Action item:
All of the data should be copied exactly, with the pictures left out.

Data to examine:
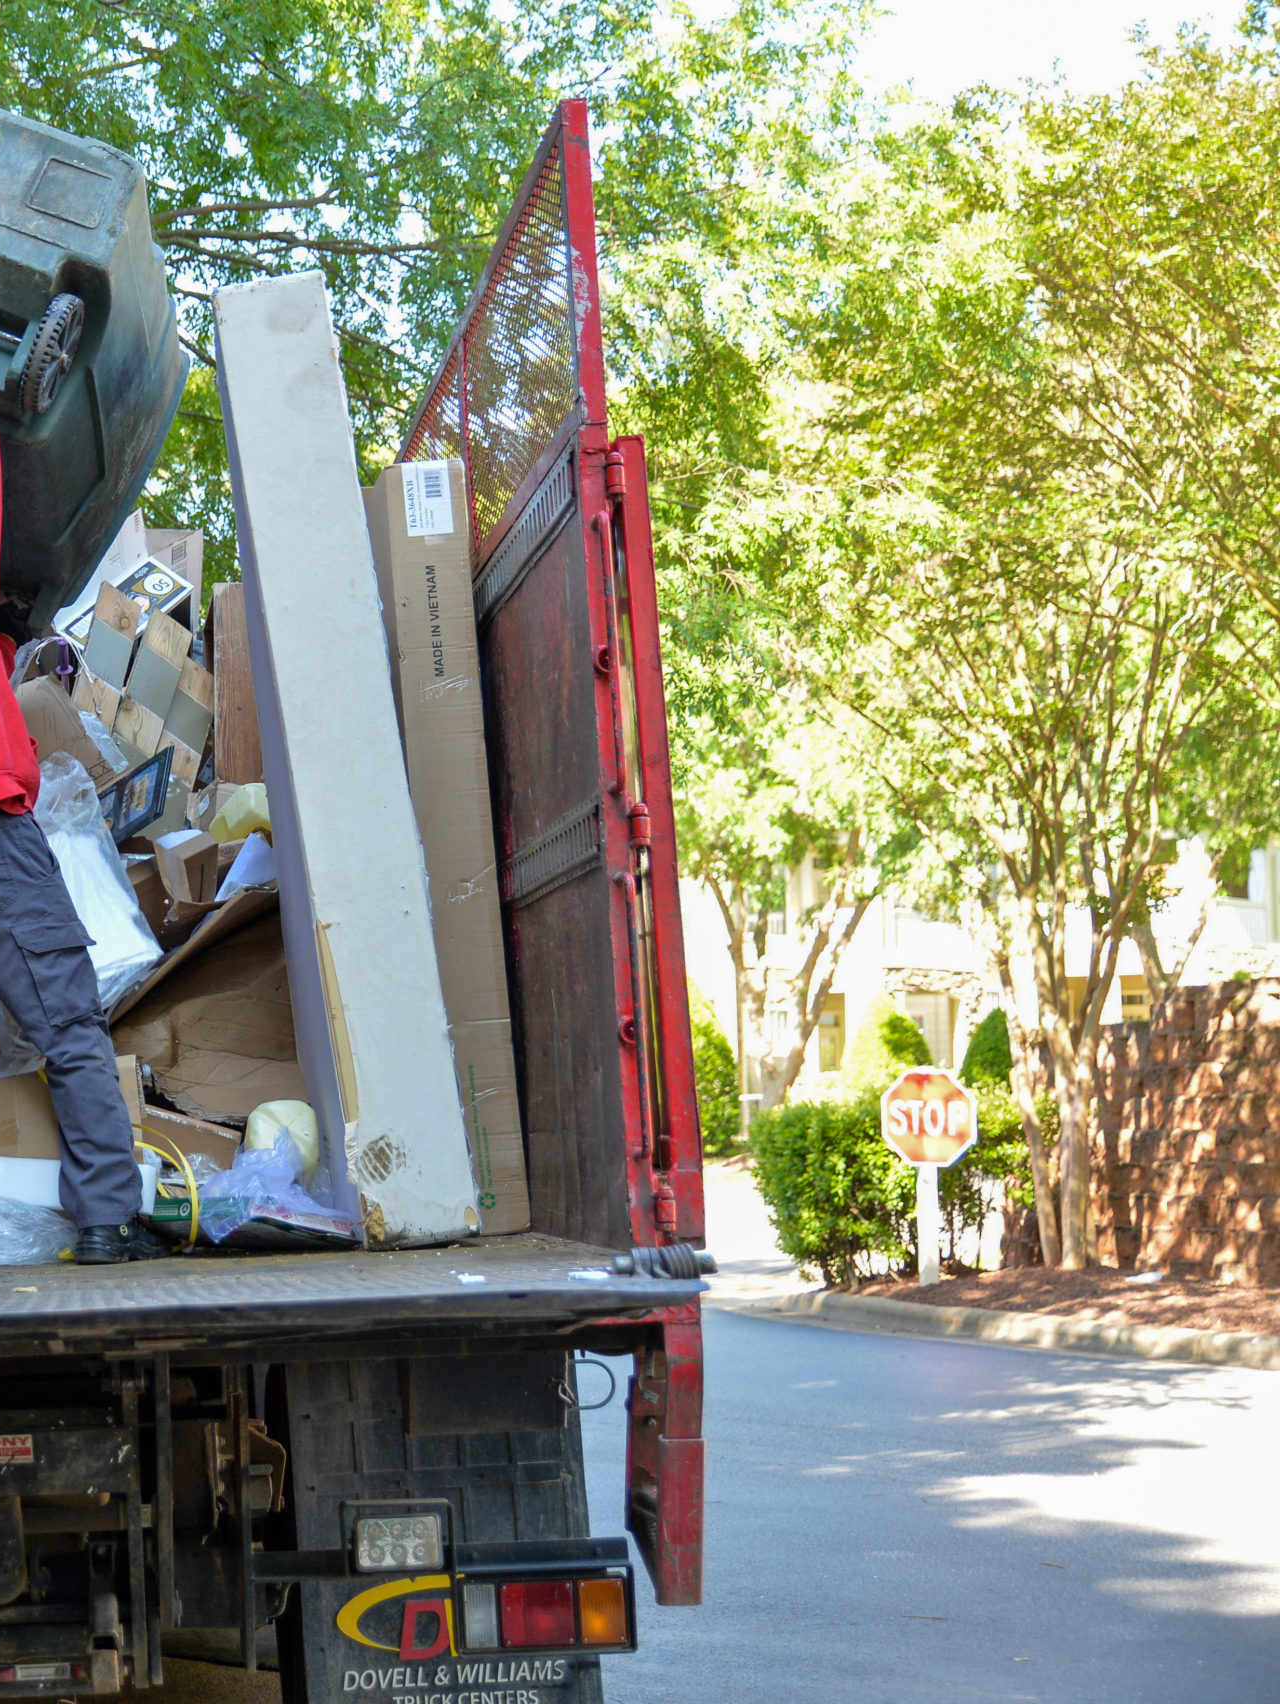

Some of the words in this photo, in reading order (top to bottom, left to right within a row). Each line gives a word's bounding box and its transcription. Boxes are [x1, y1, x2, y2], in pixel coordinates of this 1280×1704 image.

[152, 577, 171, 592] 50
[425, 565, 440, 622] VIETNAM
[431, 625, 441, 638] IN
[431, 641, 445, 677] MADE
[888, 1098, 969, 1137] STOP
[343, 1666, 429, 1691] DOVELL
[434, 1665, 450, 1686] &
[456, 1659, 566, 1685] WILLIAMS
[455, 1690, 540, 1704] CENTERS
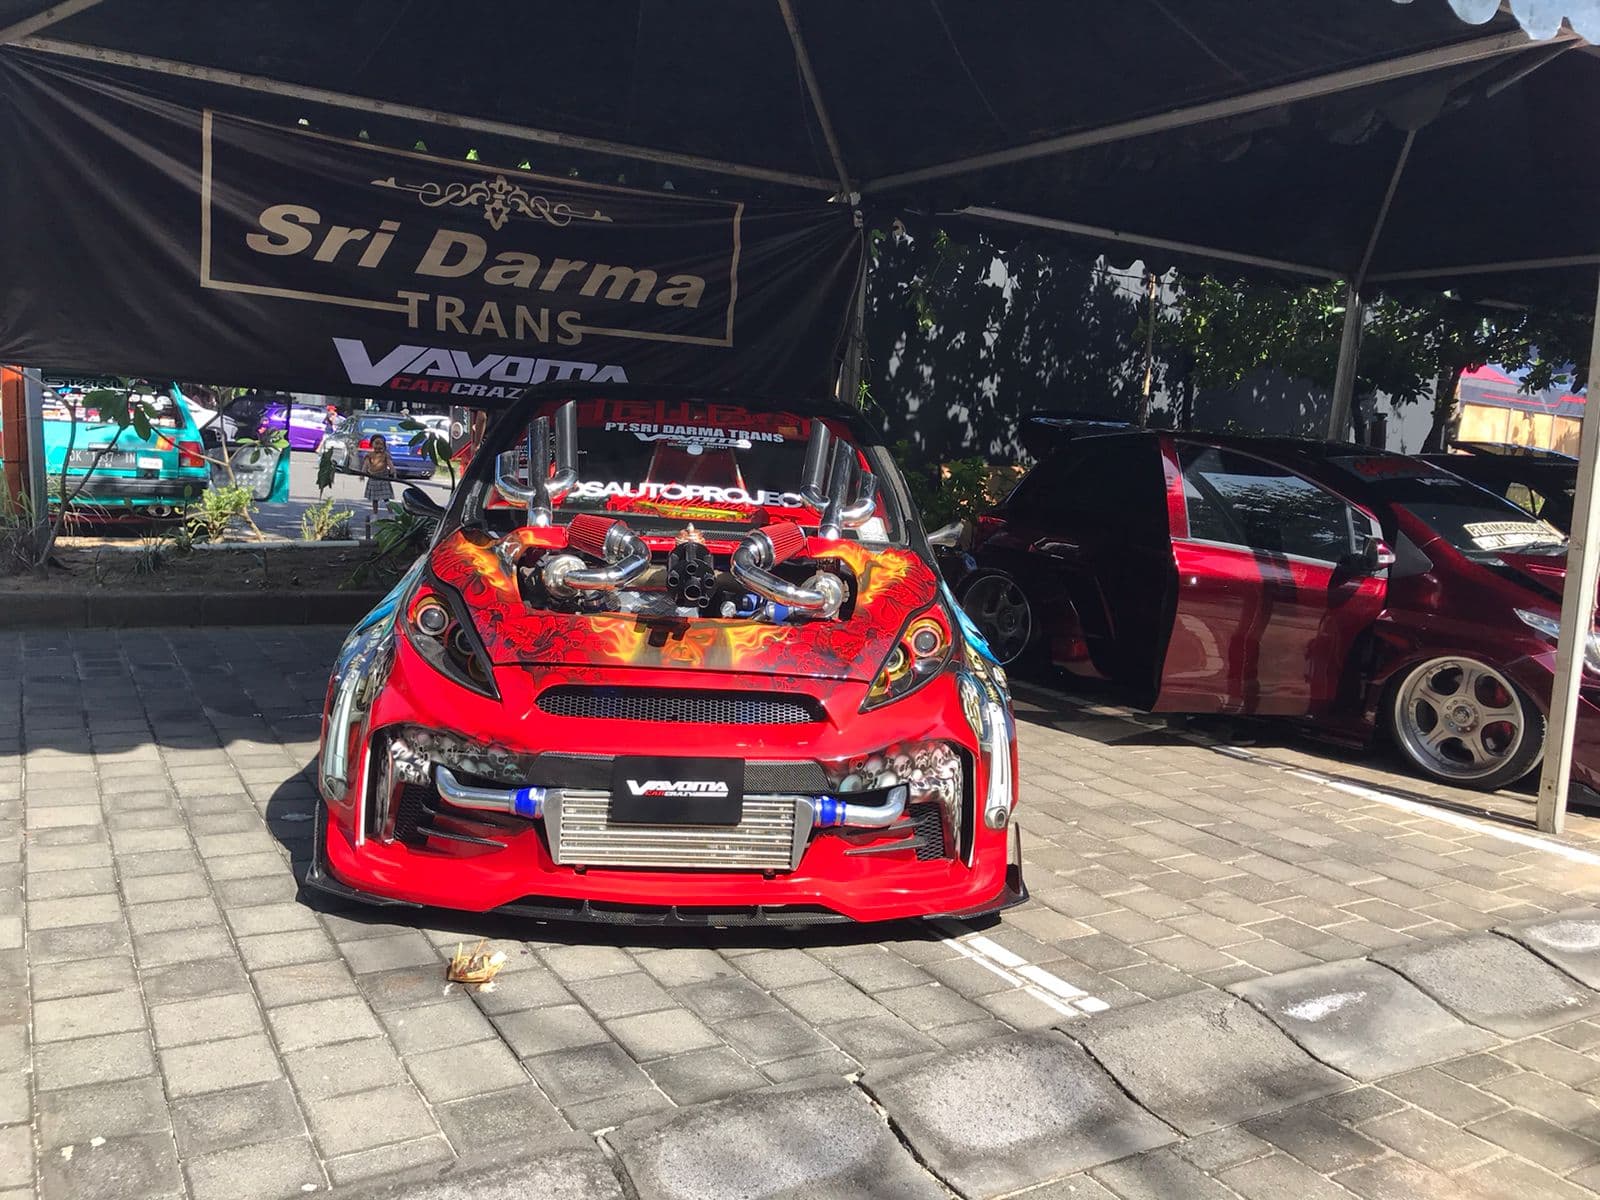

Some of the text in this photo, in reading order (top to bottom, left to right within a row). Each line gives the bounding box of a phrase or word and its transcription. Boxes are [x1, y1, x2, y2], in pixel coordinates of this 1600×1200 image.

Exercise solution:
Some of the words in this photo, in reading order (top to bottom, left to right within a row). Each line gives a word's bounding box and its transcription. Boxes are [x1, y1, x2, y2], in pixel coordinates of this 1280×1704 image.

[152, 577, 171, 592] 50
[425, 565, 440, 622] VIETNAM
[431, 625, 441, 638] IN
[431, 641, 445, 677] MADE
[888, 1098, 969, 1137] STOP
[343, 1666, 429, 1691] DOVELL
[434, 1665, 450, 1686] &
[456, 1659, 566, 1685] WILLIAMS
[455, 1690, 540, 1704] CENTERS

Some of the text in this photo, in reading order (top to bottom, left to right within a row). Each line gives the bounding box of a phrase or word and its transcription. Boxes are [x1, y1, x2, y2], in pixel coordinates of this 1600×1200 image.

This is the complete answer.